I think we've made our stance on YouTube prank culture known (tear it apart brick by terrible brick). Unfortunately, prank culture, like a snake eating its own tail, will probably never end.
So you know how 1.4 million women in Britain suffered some form of domestic violence last year? Apparently that kind of statistic (which is widely available in the public domain) isn't going to stop YouTube user Trollstation from highjacking an anti-domestic violence rally with their wildly inappropriate "social experiment".
Trollstation, who call themselves a "prank crew" (yikes), have uploaded a video of themselves attacking a woman (later we learn that she is an actress in on the prank) at the Million Women Rise march in London. The video is entitled "Woman Goes Wild At A Feminist Rally" and I think our civilization is officially in decline.
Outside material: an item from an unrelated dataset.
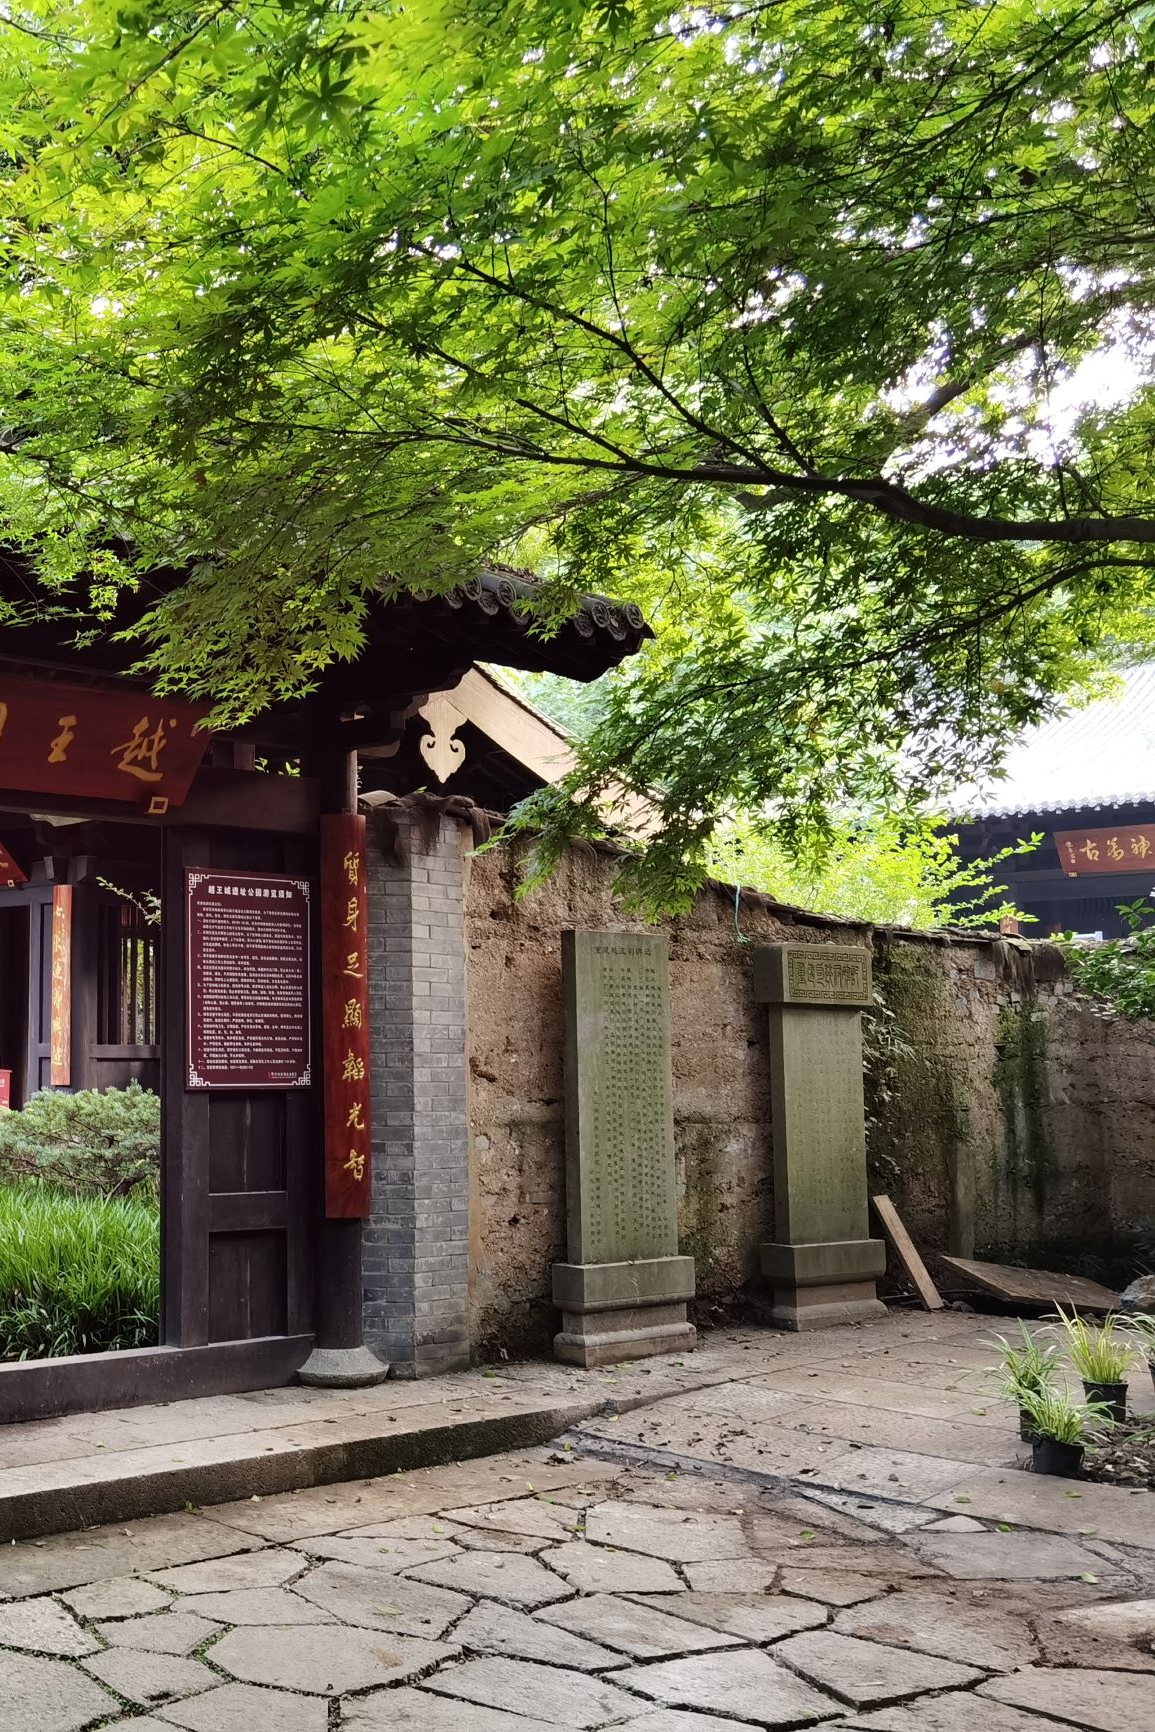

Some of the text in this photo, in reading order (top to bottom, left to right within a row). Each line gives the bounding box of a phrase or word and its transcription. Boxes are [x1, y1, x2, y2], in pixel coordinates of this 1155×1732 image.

[208, 885, 293, 899] 越王城遗址公园游览须知
Right, so just so we're on the same page. This YouTube "prank crew" has intentionally sought out a crowd at a rally for survivors of domestic abuse and their allies and executed a prank where the objective was to simulate a horrible attack on a woman.
The problem with these so-called "social experiments" is that they're not social experiments. There is no nuance, strategy, analysis, or research involved in this. You have, quite literally just bottled a woman. There is nothing experimental about pretending to hurt someone.
Why. Are. You. Like. This.
Domestic violence campaigners have called the "social experiment" "revolting". Which, I mean, yeah.
The comment section of the video is full of misogynistic comments but I don't suppose you would attract any other sort of audience when your content is literally you bottling a woman. Perhaps that is why women still suffer this type of trauma. Because of mainstream content that trivializes their experiences by turning domestic violence into a comedy.
The Trollstation crew are currently raising money through an Indiegogo account. Presumably to buy more bottles.
Congrats on the content, guys. Perhaps next you can socially experiment with doing something actually worthwhile.